My grandma used to cook kanji, a crimson rice porridge, on occasion. Seeing our aunt plucking ripe leaves from the jackfruit tree would tell us it was time for breakfast. There was only one way to get kanji, and it was to make a spoon out of these leaves. We farmed our own rice, drank milk from cows that has had names, and raised calves that had identities as well. We also had our own goats and sheep. There were many times when my maternal grandmother would churn ghee from curds and soon the silky and mellifluous aroma of the ghee would permeate into every cell in the house. A leaf spoonful of kanji, ghee, and a thick mixture of roasted chilli, coconut, tamarind, & curry leaves, is the most distinct of my tasting memories.

For lunch, some employees gathered in the backyard, while others dined at their own houses in the neighbourhood.

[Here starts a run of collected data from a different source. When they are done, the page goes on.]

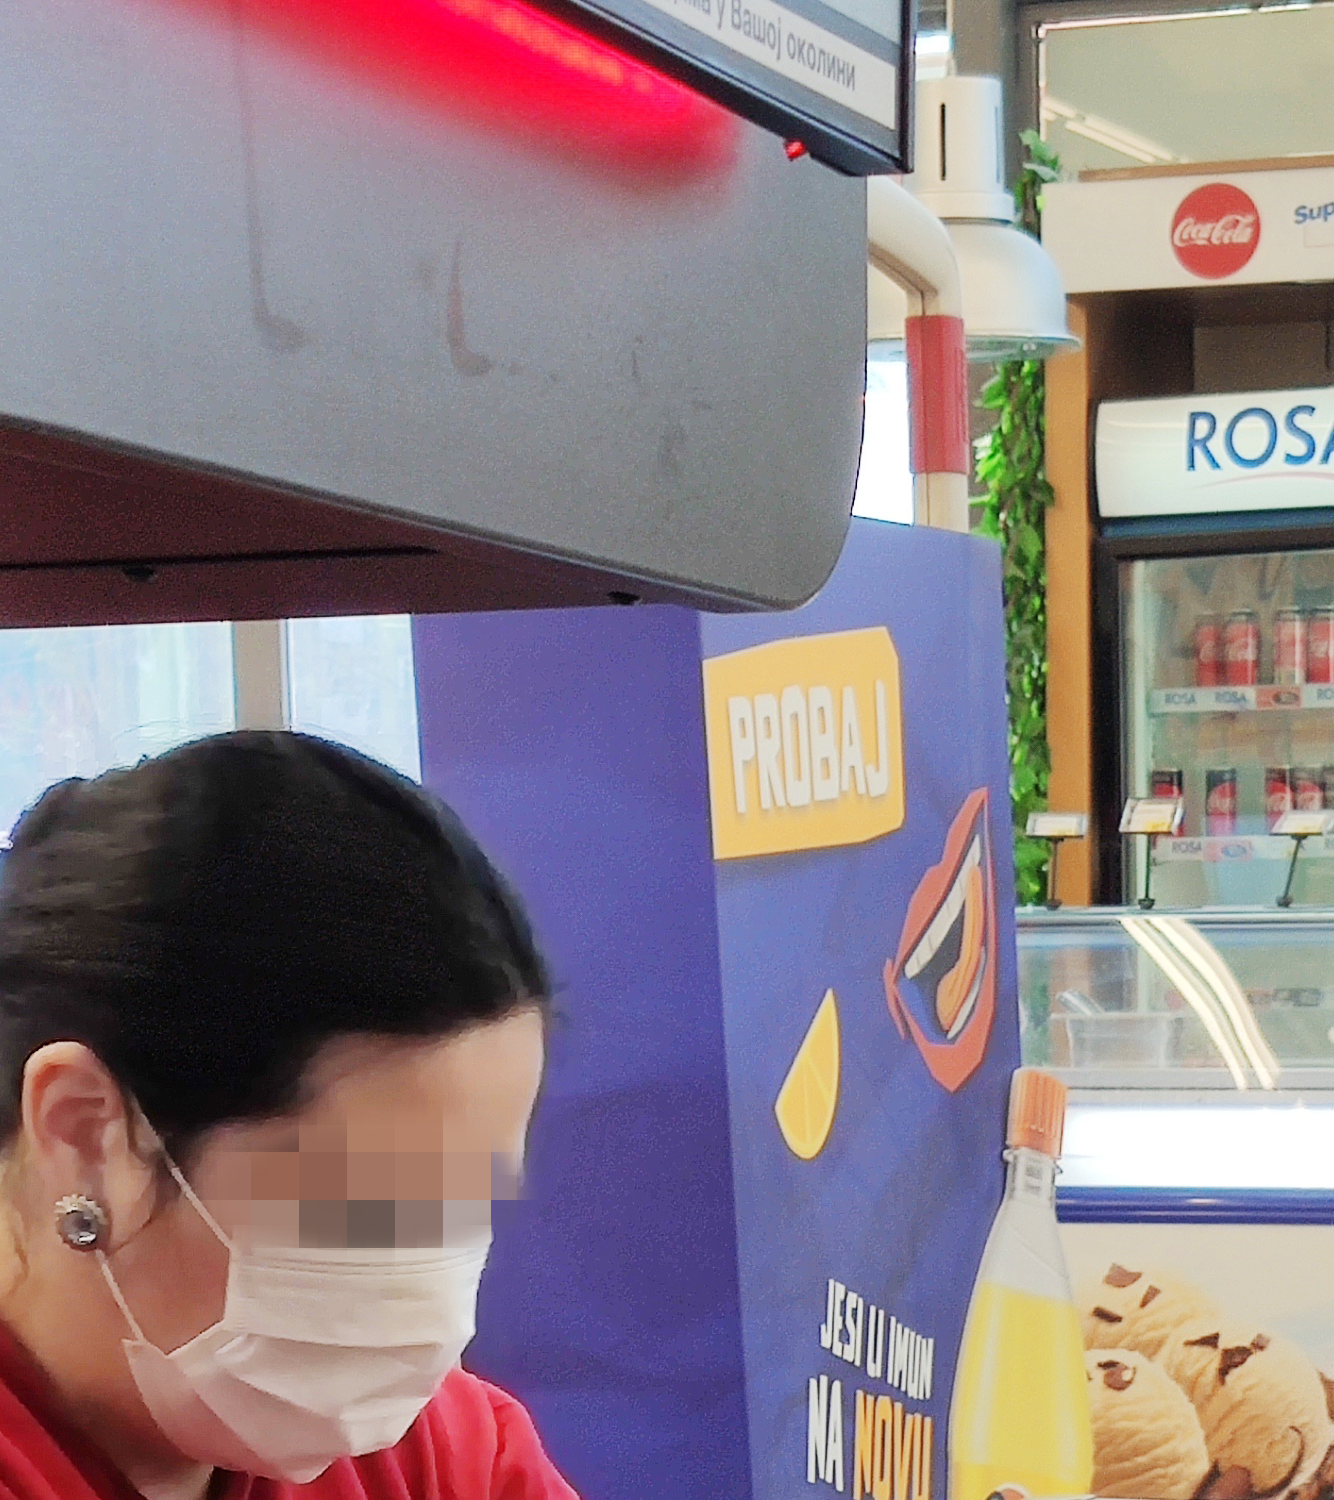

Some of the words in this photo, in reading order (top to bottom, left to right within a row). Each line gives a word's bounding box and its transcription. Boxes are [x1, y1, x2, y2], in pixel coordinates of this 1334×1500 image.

[730, 0, 782, 61] Вашој
[786, 32, 856, 92] околини
[728, 680, 889, 814] PROBAJ
[820, 1278, 864, 1367] JESI
[866, 1304, 885, 1378] LI
[887, 1315, 934, 1400] IMUN
[807, 1373, 844, 1492] NA

A simple mor-kootan (a curry made with buttermilk) would have all the yellow-green goodness that is so evocative of summer: mangoes, yellow cucumbers, drumsticks, and pumpkin. There would also be more buttermilk, this time infused with smashed lemon leaves to help cool down the body. Waiting patiently for the trees to shake a little, sweaty bodies scatter on the icy black-oxide flooring after lunch.

I used to look forward to those sweltering afternoons when the adults were too numb to move, and my brother and I would explore the secret rooms of the home together. A bamboo ladder led us to the attic, where we’d find a variety of pots, some used it to store pickles or grains, others had mouldy secret letters or a saucy magazine that someone had hidden as well as forgotten regarding, the attic was also back to the house to our family cats, centuries of cats had also lived and copulated here. My brother and I used to enjoy playing with the kittens, and we’d bring them down to the basement with us on occasion, only to be yelled at by one of the residents. What I believed was a wood wall turned out to be a secret room, which was surprising to say the least. When I asked my aunt about where the rice was kept, she would cackle and flash her stained teeth while her mouth was glistening with paan, as if she were a mad character from an Adoor. I knew we kept rice in the house because there were telltale signs everywhere: hay mounds in every available square inch in the yard; sounds of threshing; and my aunt carrying a huge moram (winnow) packed with rice. My aunt was quietly removing rice from of the granary on that fateful day, and I softly descended from my shelter upstairs to see a crack in the wall. The two of us made our way to this new location in the home after I called out to my brother. My aunt was standing in a dark room, her mouth gaping upon seeing us, but her cackle had been squashed by the weight of the rice in front of her.

The first rains of the season arrive in June, and the inflated atmosphere bursts and drenches the soil. After soaking up the rain, Malabar’s fields finally succumb. It’s impossible to see the fields or even the bunds that divide them from an agitated river from the second floor window of the home since the fields and the bunds have been overwhelmed by red water. Farmworkers in the area are forced to resort to fish in the paddy, which is overrun with freshwater fish & water snakes since they have no other option. In the evenings, as I snuggle under my black, military-style wool blanket and listen to the rain clatter on the scarlet tiled roof, I find some strange solace.

Over a decade has passed since I last stayed in this lovely home. The house has been abandoned for a long time, with its occupants either moving on to eternal resting places or pursuing a better life elsewhere. My father made a painful decision last week to demolish the house where he grew up, a place that carries so many memories of my own boyhood. As I write this, the home has been demolished, and what remains are faded portraits, termite-infested pieces of furniture, and some ancient urns that still contain grains of rice, undisturbed and untarnished by time.